Comment

Digging a Little Deeper

403
Salamantis2/26/2009 12:33:09 pm PST

re: #402 cpuller

I’m not a particularly religious person since I was raised in a single parent home and we weren’t taken to church much. So, you know that about me. I do consider myself Christian. I’ve been Christened and I’ve been Baptized.

I’m not sold on 6000 years (isn’t it getting closer to 7000? :P) And I’m also not sold on evolution to the extent many are. Count me in the group thinking there’s something else. I don’t want Creationism taught in school but I also don’t want evolution taught as if it is settled science. I do get the whole “Well, science keeps questioning itself” consideration. But, it seems they don’t question themselves as much on evolution as they might ought to.
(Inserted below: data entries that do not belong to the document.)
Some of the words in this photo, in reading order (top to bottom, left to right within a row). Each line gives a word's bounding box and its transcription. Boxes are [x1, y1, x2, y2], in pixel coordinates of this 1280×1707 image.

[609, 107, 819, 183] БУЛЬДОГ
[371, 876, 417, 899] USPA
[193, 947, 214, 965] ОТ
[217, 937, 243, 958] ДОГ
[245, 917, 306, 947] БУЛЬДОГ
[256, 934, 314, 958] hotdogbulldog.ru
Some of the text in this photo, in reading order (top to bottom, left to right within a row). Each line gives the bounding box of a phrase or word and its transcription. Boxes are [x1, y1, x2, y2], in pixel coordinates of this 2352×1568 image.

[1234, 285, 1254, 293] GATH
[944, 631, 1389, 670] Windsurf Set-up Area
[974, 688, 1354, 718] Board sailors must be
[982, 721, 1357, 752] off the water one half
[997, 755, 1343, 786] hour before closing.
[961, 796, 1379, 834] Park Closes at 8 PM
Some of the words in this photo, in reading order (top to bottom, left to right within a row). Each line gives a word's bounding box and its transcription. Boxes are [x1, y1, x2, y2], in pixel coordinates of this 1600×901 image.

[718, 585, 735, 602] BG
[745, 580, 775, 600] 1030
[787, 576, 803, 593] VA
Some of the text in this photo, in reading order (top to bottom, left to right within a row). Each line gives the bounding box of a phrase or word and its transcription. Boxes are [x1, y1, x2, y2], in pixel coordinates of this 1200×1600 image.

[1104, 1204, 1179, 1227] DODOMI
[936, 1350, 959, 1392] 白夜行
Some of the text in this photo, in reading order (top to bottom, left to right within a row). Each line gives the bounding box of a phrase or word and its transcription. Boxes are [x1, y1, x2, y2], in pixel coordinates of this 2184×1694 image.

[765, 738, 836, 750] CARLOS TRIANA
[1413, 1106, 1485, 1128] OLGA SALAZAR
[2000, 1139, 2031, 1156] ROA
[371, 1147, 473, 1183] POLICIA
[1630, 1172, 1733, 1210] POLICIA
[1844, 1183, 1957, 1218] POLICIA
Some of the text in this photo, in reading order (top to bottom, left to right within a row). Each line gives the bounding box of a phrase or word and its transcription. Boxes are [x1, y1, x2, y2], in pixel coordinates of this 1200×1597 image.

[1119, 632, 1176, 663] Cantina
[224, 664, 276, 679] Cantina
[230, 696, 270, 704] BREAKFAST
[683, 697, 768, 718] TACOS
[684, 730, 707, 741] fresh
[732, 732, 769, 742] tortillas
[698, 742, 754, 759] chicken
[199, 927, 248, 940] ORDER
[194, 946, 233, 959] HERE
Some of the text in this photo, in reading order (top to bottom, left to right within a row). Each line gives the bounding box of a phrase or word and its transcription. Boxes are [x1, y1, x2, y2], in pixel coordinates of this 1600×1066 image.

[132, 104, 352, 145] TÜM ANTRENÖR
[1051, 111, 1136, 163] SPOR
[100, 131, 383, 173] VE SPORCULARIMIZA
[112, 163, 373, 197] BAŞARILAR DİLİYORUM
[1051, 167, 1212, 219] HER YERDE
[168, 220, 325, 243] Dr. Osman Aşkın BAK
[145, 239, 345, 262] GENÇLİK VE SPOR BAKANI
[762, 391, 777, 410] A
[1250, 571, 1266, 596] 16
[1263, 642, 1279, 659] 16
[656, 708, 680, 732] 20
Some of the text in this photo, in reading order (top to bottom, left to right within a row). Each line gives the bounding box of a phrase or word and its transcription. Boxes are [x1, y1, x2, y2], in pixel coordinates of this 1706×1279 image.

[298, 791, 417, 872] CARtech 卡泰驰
There, kill me now and get it over with.

The central tenets of evolutionary theory - random genetic mutastion and nonrandom environmental mutation - are as settled as empirical science gets. For 150 years, experimental researchers have been investigating and interrogating these tenets, and ALL of the empirical evidence they have derived has supported evolution, while NONE of the empirical evidence has contradicted it.

As to your suggestion that we should teach bioscience without teaching evolutionary theory? That makes about as much sense as teaching geology without teaching plate tectonics, or teaching about the solar system without teaching heliocentrism, or teaching physics without teaching relativity theory or quantum mechanics. As Theodore Dobzhanslky correctly and consisely stated: “Nothing in Biology Makes Sense Except in the Light of Evolution.”